WDVM-TV (channel 25) is an independent television station licensed to Hagerstown, Maryland, United States, serving the Washington, D.C. television market. It is owned by Nexstar Media Group alongside CW owned-and-operated station WDCW (channel 50). The two stations share studios on Wisconsin Avenue in the Glover Park section of Washington; WDVM-TV's transmitter is located on Fairview Mountain, west of Clear Spring, Maryland.

History
The station signed on the air as WHAG-TV on January 3, 1970. It was originally owned by Warren Adler along with WHAG radio in Halfway (AM 1410 and FM 96.7, now WDLD). WHAG-TV's original analog transmitter was to be on top of the Hagerstown Motor Inn (now the Alexander House) but was rejected due to structural incompatibility. A site on Fairview Mountain would become the location of the analog signal on UHF channel 25. The station was an NBC affiliate; network anchors Chet Huntley and David Brinkley welcomed the station to the network during their newscast that night.

Adler Communications sold WHAG-TV to Sheldon and Samuel Magazine of Washington, D.C., in 1973. The Magazine brothers then sold it to local aviation pioneer Richard Henson in 1977. Henson then sold the station to Great Trails Broadcasting in 1981. Great Trails then exited broadcasting and sold WHAG along with 2 of its stations—WFFT-TV in Fort Wayne, Indiana, and KSVI in Billings, Montana, to Quorum Broadcasting in 1998 for $65 million.

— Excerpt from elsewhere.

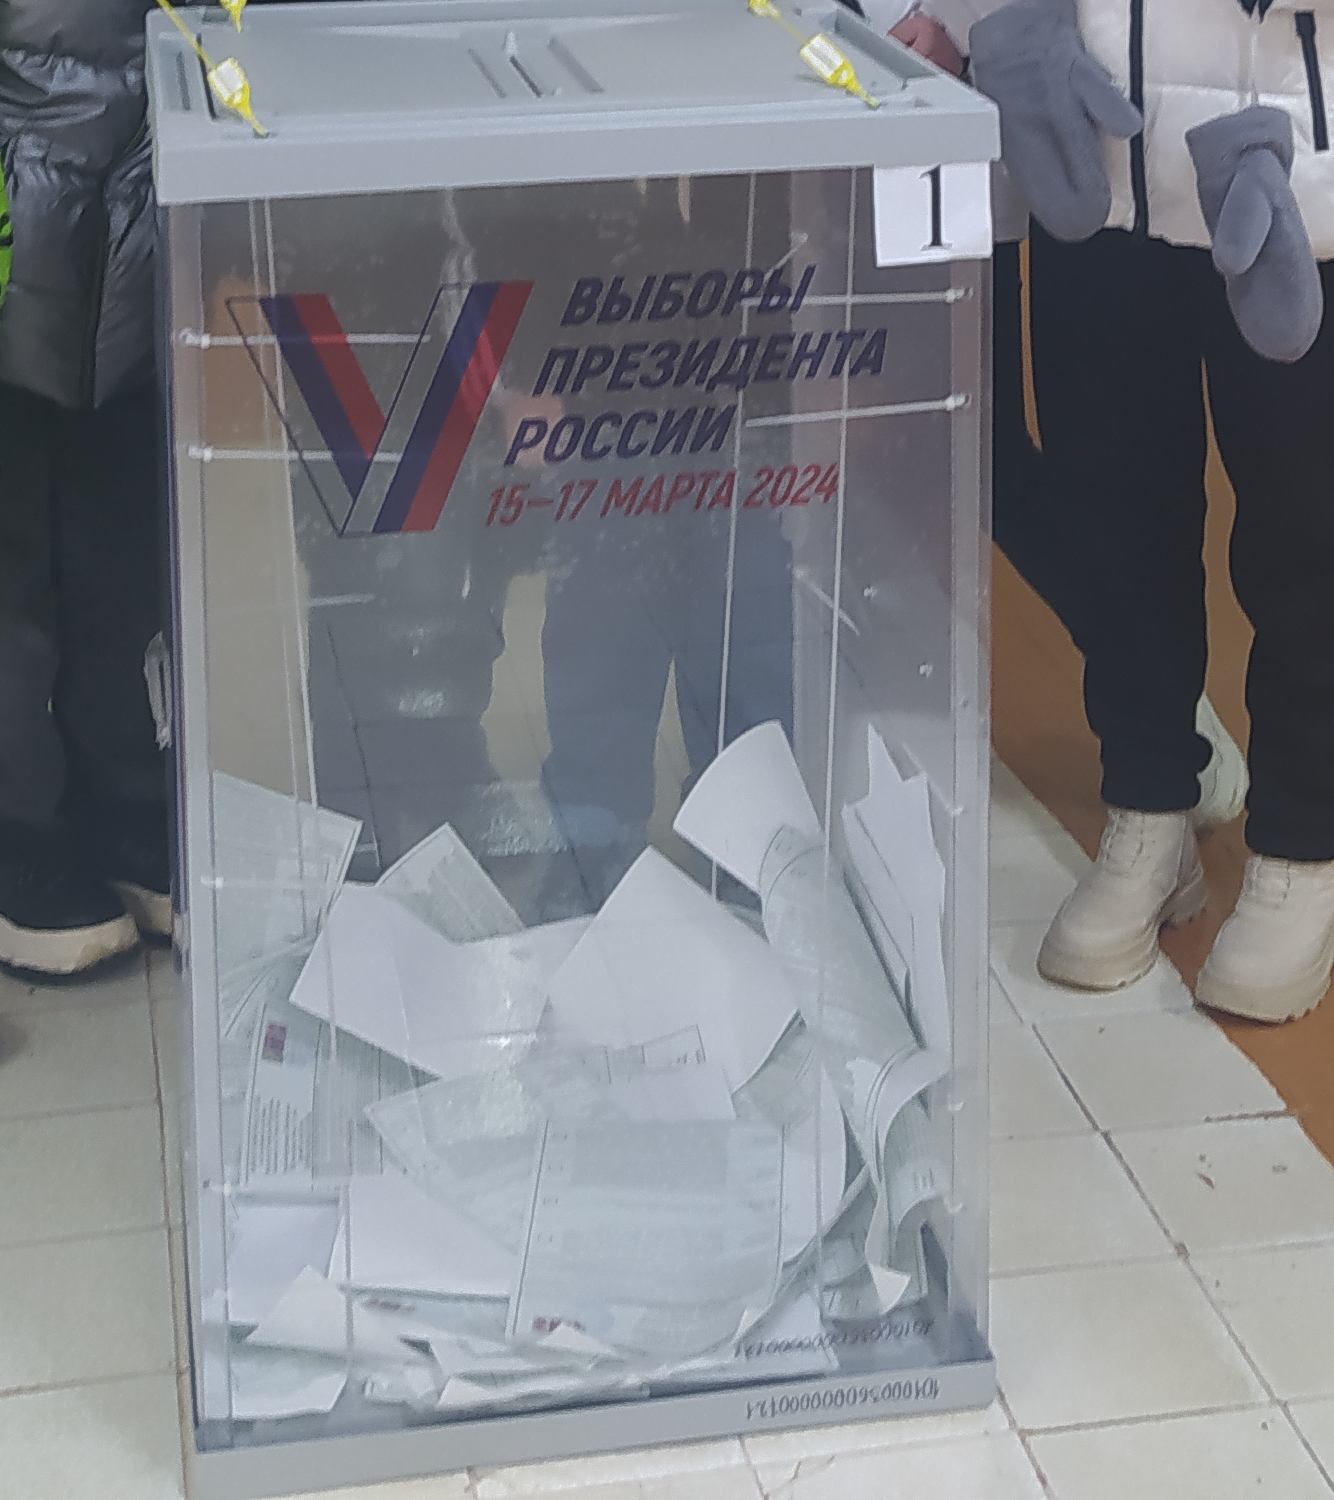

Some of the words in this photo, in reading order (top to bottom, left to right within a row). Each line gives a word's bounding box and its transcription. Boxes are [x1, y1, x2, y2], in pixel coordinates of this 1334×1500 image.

On September 8, 2003, Nexstar Broadcasting Group announced that it would acquire Quorum Broadcasting and its stations (including WHAG-TV) for $230 million. The sale was completed on December 31, 2003.

Loss of NBC affiliation

NBC confirmed to The Herald-Mail that it was declining to renew its affiliation with WHAG on February 19, 2016; the station ceased broadcasting network programming on July 1. A factor in this decision was perceived competition with network-owned WRC-TV, and the network taking a 'one in each market' approach to affiliates for ratings purposes. Since 2014, NBC revoked affiliations from several affiliates, including WHAG-TV, WMGM-TV (whose broadcast area was served by network-owned WCAU), and KENV-DT (whose broadcast area was served by KSL-TV), that functioned as secondary NBC stations serving outlying areas of their larger markets. In addition to expanding local news, WHAG-TV also added programs from Heroes & Icons at the time. The last NBC program to air on WHAG was Last Call with Carson Daly.

As WDVM-TV

On July 1, 2017, the station rebranded itself and adopted the call sign WDVM-TV. The change came after the station expanded its coverage area by 1.2 million households, with news director Mark Kraham stating that "we wanted to make it clear that we're not just a Hagerstown station." The callsign had previously been used in the market by what is now WUSA from 1978 through 1986.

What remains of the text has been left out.